Ao ouvir histórias sexuais de outras pessoas, casais podem ficar com a impressão - geralmente falsa - de que têm uma relação morna demais

Falta de libido

Por outro lado, Elaine lembra que a falta de desejo sexual é um problema real enfrentado principalmente pelo sexo feminino. Ela credita isso ao fato de os homens serem mais estimulados desde pequenos a explorarem e expressarem sua sexualidade, enquanto a mulher é podada.

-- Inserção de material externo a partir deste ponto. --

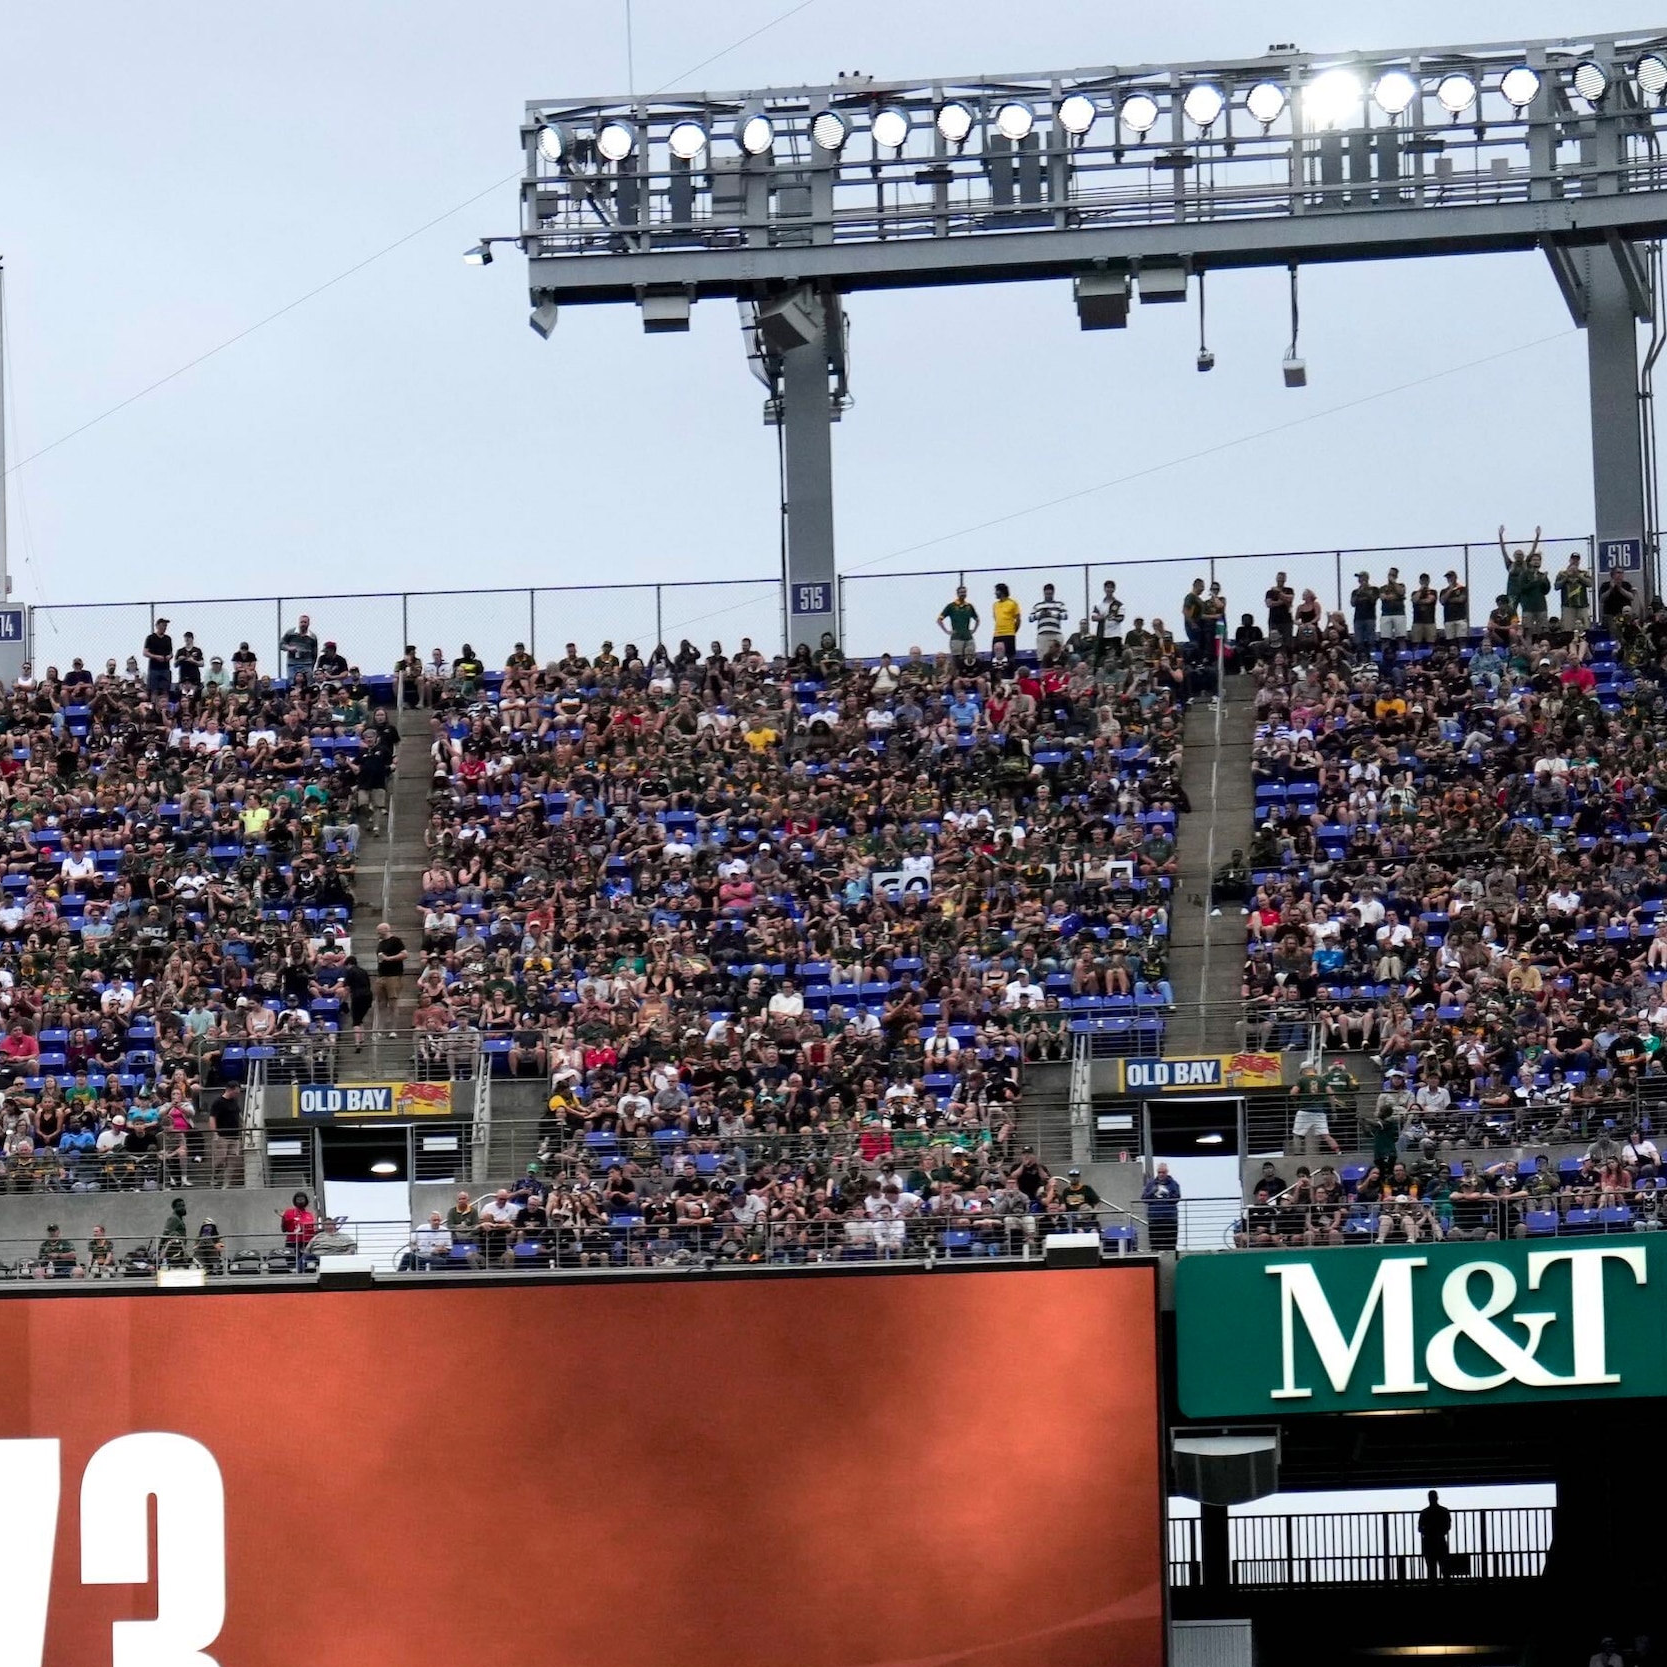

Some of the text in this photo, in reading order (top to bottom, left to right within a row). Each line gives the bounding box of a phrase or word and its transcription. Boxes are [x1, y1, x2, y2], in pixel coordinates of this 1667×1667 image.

[1608, 543, 1630, 568] 516
[800, 587, 823, 610] 515
[1127, 1061, 1216, 1086] OLD BAY
[300, 1089, 387, 1112] OLD BAY
[1264, 1246, 1647, 1399] M&T
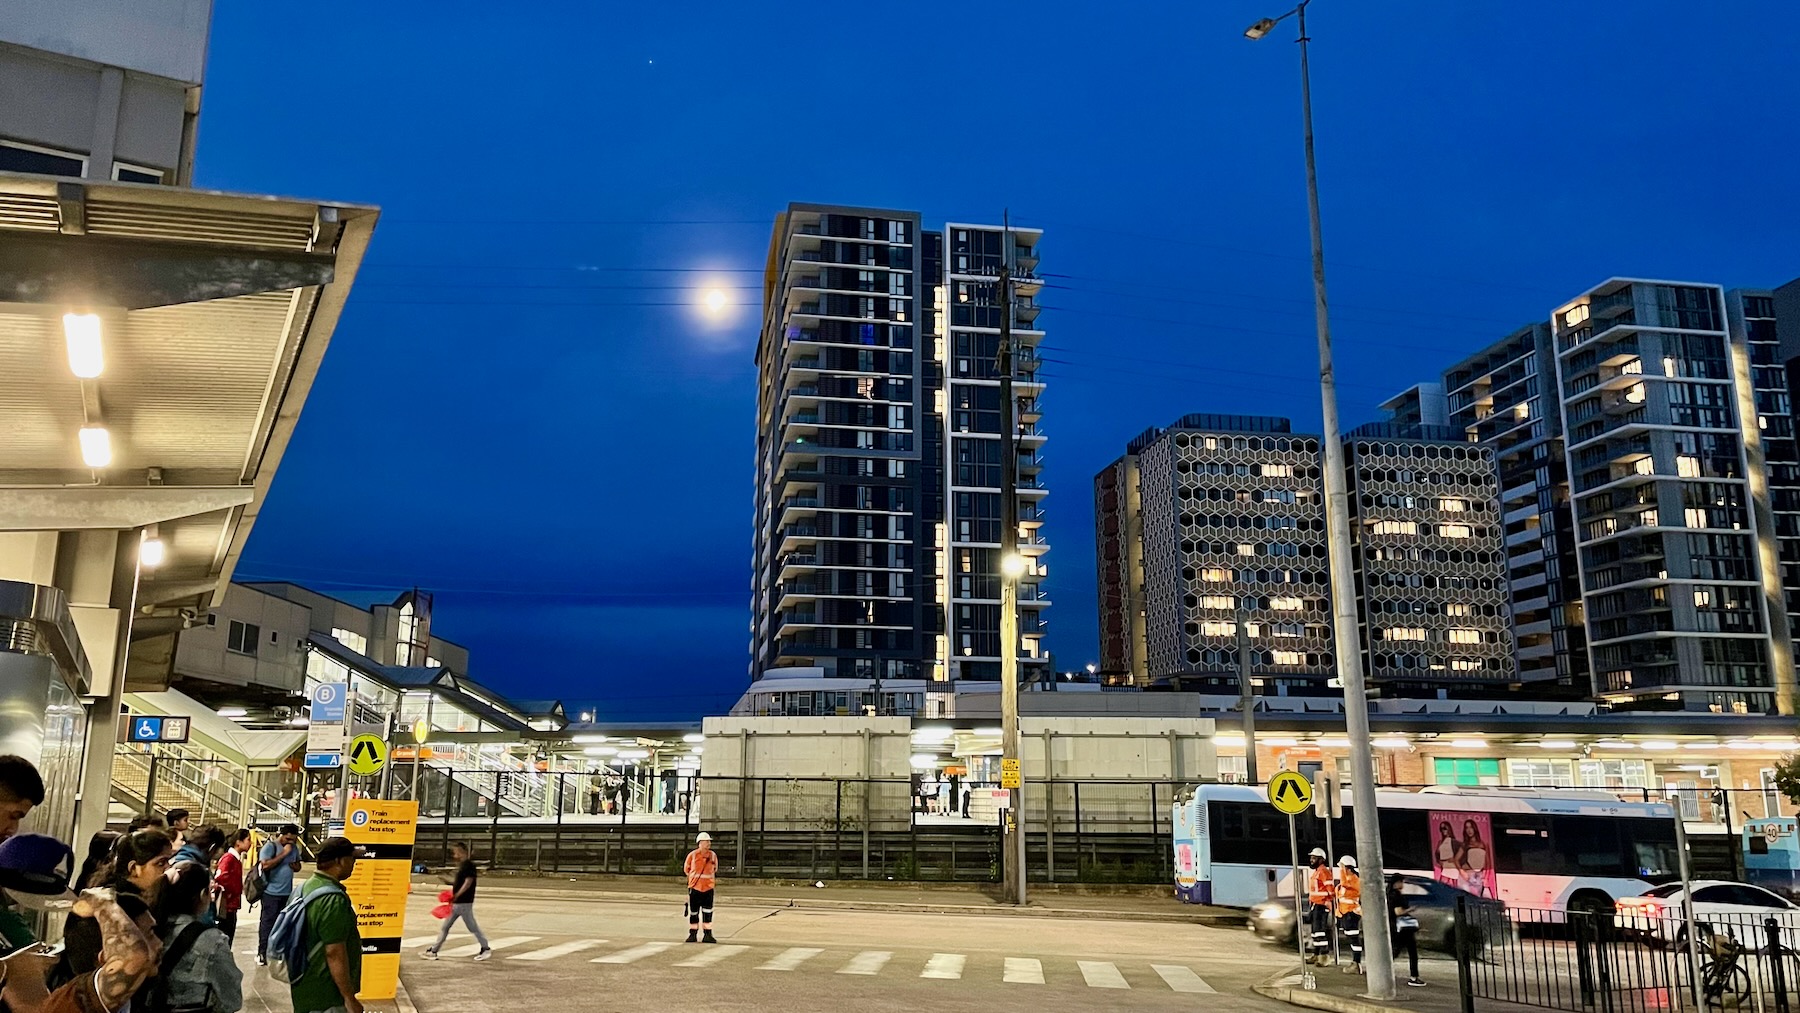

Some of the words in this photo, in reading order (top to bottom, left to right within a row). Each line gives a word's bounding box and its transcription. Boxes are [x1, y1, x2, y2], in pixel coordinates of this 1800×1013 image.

[321, 689, 330, 700] B
[330, 756, 337, 765] A
[356, 813, 364, 824] B
[1431, 813, 1464, 821] WHITE
[1467, 814, 1488, 823] FOX
[1767, 828, 1777, 838] 40

“Elas têm a criação mais rígida. A mãe fala: ‘não pode tocar aí’, ‘fecha as perninhas’, etc. É uma educação reprimida, que atrapalha a liberação da mulher para ter vontade de fazer e falar sobre sexo”, expõe.

 

Sexo "mais ou menos" também é bom

 

Toda a pressão para se ter mais sexo – e sexo de qualidade – acaba tornando o que deveria ser um momento prazeroso e agradável em algo negativo, que remete a uma obrigação. Elaine defende que é normal que os lençóis esfriem após alguns anos de relacionamento, especialmente com o surgimento de novas prioridades, responsabilidades e problemas. No entanto, o casal não pode deixar que isso abale a autoconfiança deles.

O ideal é encontrar um equilíbrio entre as obrigações do dia a dia e o relacionamento, que requer esforço de ambas as partes para não se perder em meio a tantas preocupações. No entanto, estabelecer expectativas irreais acaba tirando a naturalidade desse momento e sabotando o sexo.

Isso não quer dizer que, se um parceiro está insatisfeito com a vida sexual do casal, deve se calar e aceitar. O diálogo neste momento é muito importante para garantir a felicidade de ambos. No entanto, esperar que o sexo seja sempre como nos filmes é uma ilusão, que gera frustrações.

“É, sim, preciso tentar algo diferente na cama de vez em quando, agradar e mostrar como gosta de ser agradado. Mas tem que entender também que muitas vezes estamos cansados, estressados, e a transa vai ser mais ou menos”, diz Elaine. “E por que não? É normal. Tem dia que vai ser ótimo, tem dia que vai ser mais ou menos e tem dia que vai ser ruim, como tudo na vida”, opina.